*WHAT YOU HAVE TO DO:*
Take the line that contains "Some of the words" and all lines after it, up to and including the last line of the data, and write them out exactly; nothing else belongs in the answer.

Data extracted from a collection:
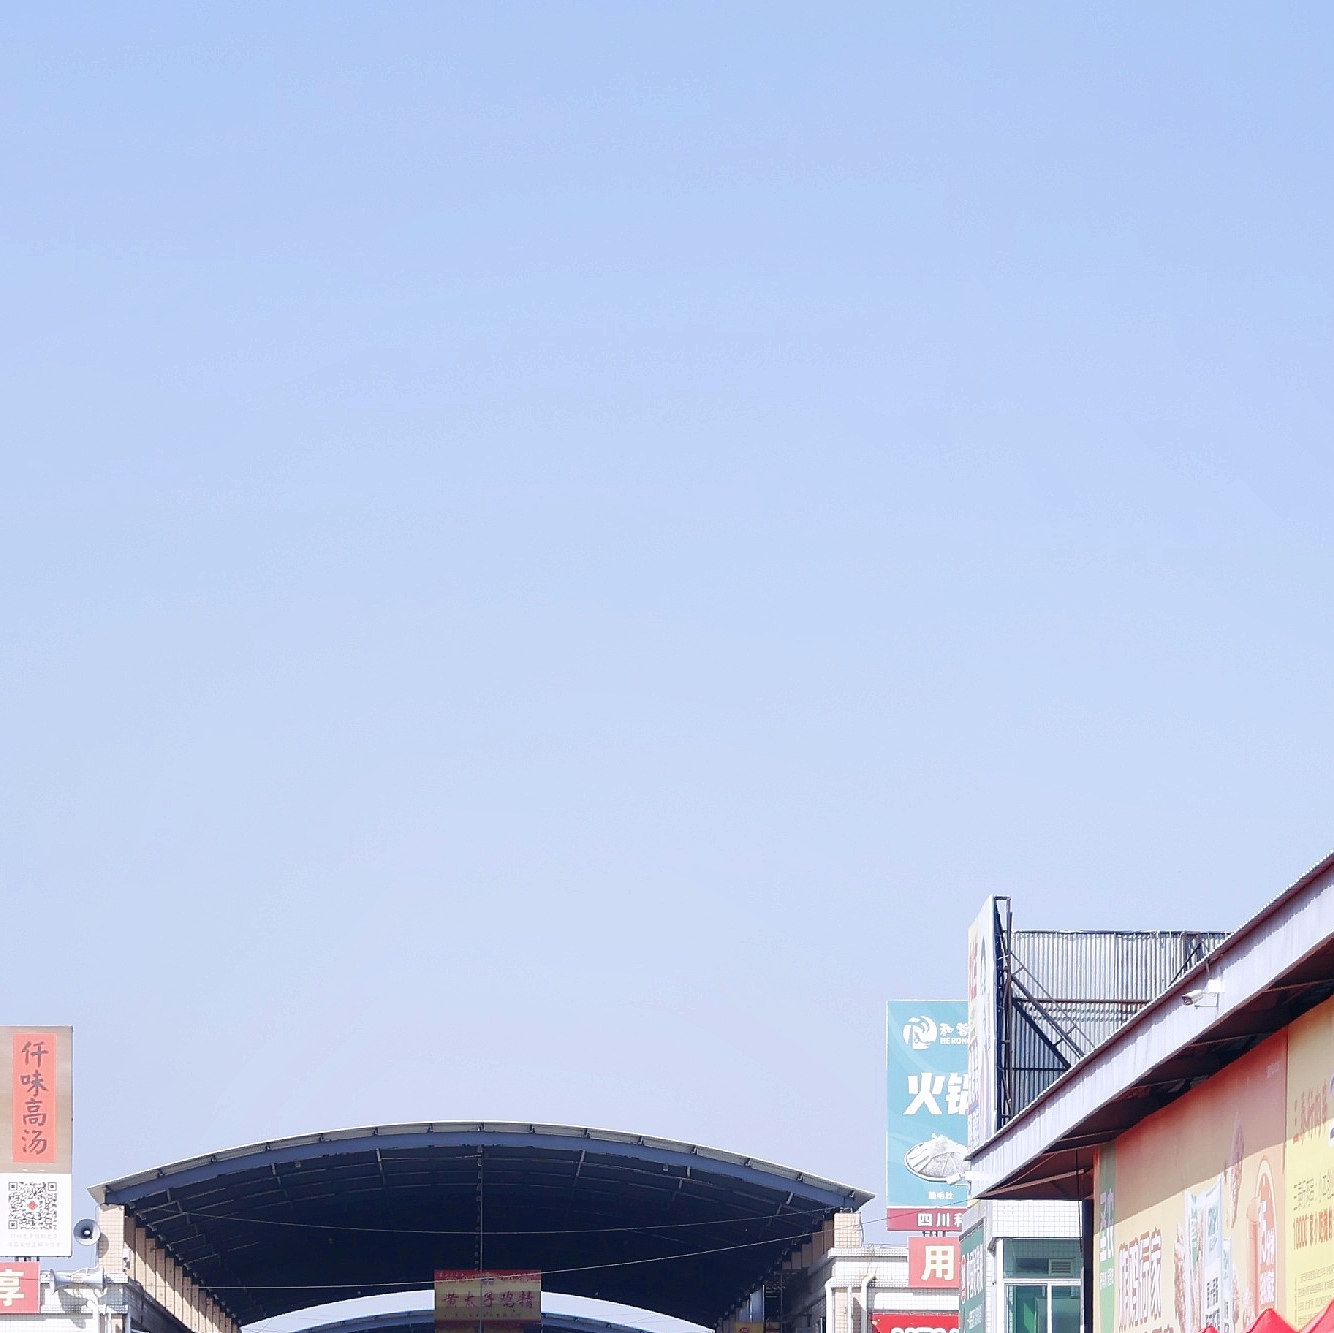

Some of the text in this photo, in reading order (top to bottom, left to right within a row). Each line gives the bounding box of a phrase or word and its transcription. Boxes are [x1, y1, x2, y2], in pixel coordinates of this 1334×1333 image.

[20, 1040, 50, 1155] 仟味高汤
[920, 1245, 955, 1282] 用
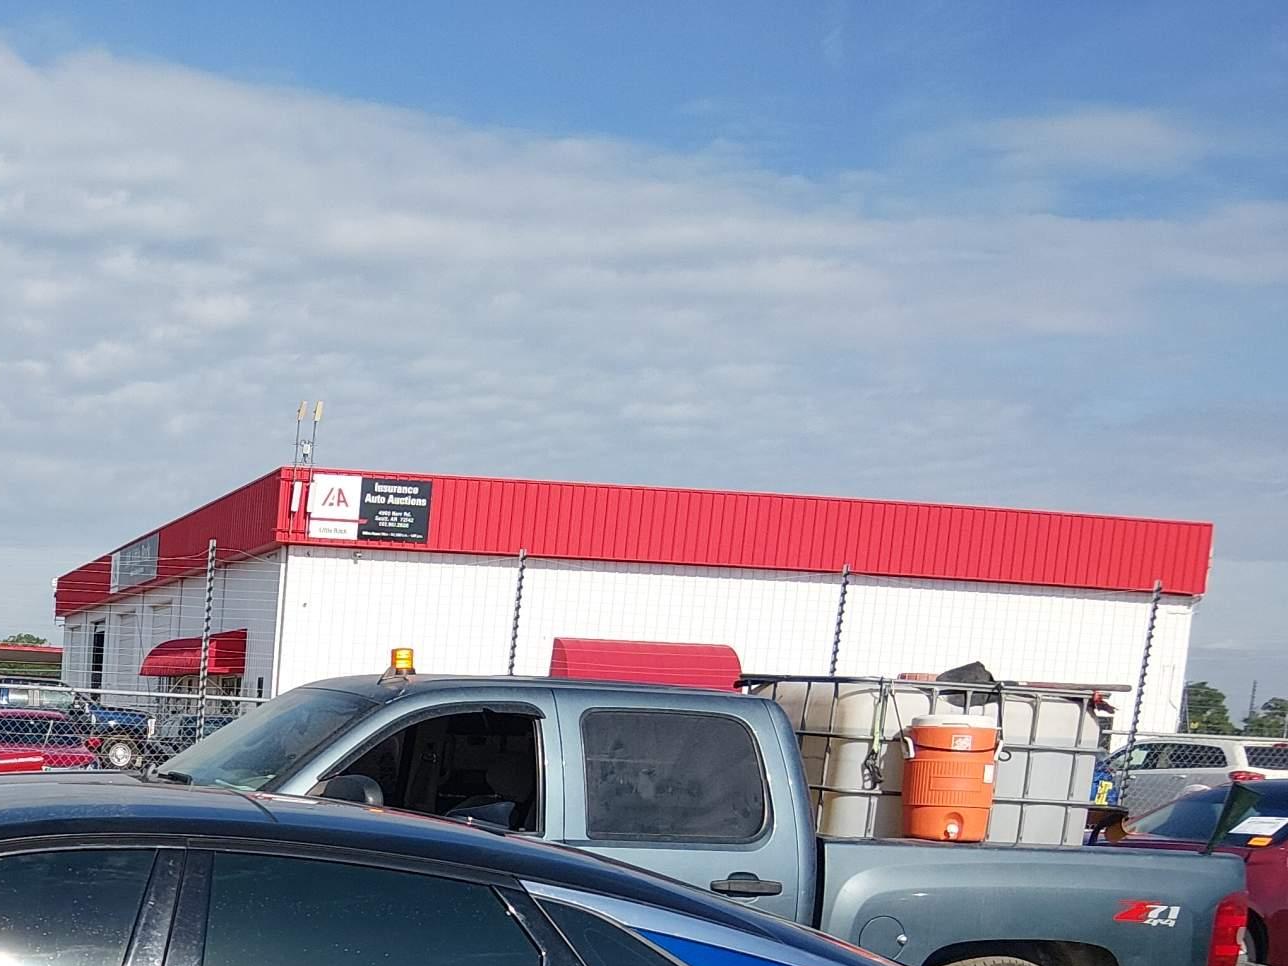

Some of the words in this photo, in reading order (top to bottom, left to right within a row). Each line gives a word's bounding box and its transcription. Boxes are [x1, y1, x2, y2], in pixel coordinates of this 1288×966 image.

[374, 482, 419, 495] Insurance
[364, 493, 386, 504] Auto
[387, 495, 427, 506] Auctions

*OUTPUT FOR THIS EXERCISE:*
Some of the words in this photo, in reading order (top to bottom, left to right within a row). Each line gives a word's bounding box and its transcription. Boxes are [x1, y1, x2, y2], in pixel coordinates of this 1288×966 image.

[374, 482, 419, 495] Insurance
[364, 493, 386, 504] Auto
[387, 495, 427, 506] Auctions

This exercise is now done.